- _THE TASK_
Reproduce verbatim only the lines from the one containing "this 1360×1536 image." through the last line below, both included.

Saved data entries:
────────

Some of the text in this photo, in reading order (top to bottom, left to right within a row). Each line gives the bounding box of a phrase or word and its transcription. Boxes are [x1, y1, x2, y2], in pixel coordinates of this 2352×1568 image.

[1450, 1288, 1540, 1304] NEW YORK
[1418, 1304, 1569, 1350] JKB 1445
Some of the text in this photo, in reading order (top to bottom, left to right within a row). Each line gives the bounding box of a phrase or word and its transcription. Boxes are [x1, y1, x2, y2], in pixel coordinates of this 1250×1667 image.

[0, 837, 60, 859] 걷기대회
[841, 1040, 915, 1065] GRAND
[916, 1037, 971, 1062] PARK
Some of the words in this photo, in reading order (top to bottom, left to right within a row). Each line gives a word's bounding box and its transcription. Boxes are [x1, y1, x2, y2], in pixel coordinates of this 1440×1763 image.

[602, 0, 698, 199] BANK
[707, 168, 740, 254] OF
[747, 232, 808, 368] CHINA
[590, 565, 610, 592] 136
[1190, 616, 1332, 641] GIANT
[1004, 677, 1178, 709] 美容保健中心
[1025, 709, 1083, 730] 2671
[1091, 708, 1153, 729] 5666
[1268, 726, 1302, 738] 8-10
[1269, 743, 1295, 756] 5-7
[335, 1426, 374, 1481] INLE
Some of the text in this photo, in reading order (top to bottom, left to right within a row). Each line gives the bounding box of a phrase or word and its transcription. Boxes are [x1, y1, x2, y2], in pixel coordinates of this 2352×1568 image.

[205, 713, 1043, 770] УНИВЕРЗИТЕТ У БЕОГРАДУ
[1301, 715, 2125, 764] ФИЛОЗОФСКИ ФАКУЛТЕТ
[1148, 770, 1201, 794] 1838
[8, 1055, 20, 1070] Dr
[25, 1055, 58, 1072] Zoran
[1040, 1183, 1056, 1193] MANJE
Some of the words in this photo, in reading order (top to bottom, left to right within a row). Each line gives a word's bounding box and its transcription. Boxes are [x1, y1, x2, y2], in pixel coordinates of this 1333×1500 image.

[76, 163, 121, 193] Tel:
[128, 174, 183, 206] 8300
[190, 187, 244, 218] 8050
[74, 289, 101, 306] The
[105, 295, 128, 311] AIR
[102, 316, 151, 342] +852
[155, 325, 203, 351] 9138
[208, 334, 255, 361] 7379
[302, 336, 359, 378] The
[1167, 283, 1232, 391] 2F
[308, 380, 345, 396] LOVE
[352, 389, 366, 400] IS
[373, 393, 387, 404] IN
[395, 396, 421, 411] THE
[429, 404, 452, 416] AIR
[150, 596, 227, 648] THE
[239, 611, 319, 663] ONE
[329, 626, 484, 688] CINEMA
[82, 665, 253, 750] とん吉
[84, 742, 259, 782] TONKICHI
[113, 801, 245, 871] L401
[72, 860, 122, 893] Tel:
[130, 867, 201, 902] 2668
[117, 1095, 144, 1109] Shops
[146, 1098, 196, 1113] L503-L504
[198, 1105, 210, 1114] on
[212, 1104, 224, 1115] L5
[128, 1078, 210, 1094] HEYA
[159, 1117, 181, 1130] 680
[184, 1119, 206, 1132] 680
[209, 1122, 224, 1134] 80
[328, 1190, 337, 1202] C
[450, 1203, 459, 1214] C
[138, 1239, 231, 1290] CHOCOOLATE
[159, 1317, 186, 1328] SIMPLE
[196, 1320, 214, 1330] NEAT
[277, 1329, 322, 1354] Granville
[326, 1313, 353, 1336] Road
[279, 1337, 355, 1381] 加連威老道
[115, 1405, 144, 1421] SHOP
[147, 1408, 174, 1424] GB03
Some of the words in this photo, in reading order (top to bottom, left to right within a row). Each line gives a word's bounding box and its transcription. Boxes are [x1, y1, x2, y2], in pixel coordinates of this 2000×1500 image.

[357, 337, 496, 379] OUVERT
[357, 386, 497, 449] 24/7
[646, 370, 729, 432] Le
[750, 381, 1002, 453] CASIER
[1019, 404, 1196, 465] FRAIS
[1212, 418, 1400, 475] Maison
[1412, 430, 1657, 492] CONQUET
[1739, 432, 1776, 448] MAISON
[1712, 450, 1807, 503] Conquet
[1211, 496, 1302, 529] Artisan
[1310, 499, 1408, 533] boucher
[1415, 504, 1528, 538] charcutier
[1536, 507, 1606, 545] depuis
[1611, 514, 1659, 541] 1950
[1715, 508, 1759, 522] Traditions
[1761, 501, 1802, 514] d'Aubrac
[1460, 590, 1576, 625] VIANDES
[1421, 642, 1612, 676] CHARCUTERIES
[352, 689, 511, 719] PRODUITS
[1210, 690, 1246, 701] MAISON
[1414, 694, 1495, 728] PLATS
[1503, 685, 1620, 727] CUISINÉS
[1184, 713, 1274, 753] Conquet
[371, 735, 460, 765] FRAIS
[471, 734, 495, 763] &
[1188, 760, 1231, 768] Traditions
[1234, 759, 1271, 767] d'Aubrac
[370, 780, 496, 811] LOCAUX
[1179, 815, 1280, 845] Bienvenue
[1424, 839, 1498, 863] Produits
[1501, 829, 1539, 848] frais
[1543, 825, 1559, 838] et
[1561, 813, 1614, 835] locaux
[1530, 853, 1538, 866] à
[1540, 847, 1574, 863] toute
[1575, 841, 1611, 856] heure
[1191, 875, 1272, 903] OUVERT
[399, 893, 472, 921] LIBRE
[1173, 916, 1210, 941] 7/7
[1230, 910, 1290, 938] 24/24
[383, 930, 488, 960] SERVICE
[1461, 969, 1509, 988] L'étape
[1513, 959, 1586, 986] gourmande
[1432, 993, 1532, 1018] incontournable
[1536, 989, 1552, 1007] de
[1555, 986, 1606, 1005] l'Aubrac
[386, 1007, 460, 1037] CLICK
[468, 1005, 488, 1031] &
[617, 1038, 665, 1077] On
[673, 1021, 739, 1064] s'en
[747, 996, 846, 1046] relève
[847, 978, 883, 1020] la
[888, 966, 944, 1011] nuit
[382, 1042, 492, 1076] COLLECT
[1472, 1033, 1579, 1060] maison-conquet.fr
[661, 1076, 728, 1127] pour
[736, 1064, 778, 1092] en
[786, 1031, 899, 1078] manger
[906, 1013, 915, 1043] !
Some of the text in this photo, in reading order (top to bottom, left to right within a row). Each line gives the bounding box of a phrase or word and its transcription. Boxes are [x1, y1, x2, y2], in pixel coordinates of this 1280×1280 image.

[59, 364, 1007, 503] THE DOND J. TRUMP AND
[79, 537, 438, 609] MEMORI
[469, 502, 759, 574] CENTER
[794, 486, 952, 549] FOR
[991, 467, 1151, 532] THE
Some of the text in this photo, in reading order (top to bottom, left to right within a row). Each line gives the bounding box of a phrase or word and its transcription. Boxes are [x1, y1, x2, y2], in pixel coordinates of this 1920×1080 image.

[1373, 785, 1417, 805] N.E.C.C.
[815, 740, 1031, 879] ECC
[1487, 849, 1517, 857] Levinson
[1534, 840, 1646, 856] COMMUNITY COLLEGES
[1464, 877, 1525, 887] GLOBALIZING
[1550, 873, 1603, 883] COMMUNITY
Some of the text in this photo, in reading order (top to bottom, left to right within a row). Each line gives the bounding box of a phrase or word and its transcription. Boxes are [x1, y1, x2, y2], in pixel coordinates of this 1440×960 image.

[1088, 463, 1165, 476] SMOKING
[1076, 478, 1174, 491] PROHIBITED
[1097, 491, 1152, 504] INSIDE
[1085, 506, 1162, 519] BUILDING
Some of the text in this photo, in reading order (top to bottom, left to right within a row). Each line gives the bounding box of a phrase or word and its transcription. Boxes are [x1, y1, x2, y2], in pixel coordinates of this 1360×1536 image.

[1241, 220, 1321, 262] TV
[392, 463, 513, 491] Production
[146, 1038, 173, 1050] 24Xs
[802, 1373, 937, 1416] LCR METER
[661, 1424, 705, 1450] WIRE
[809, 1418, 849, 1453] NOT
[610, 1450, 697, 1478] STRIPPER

────────

- _OUTPUT OF THE TASK_
Some of the text in this photo, in reading order (top to bottom, left to right within a row). Each line gives the bounding box of a phrase or word and its transcription. Boxes are [x1, y1, x2, y2], in pixel coordinates of this 1360×1536 image.

[1241, 220, 1321, 262] TV
[392, 463, 513, 491] Production
[146, 1038, 173, 1050] 24Xs
[802, 1373, 937, 1416] LCR METER
[661, 1424, 705, 1450] WIRE
[809, 1418, 849, 1453] NOT
[610, 1450, 697, 1478] STRIPPER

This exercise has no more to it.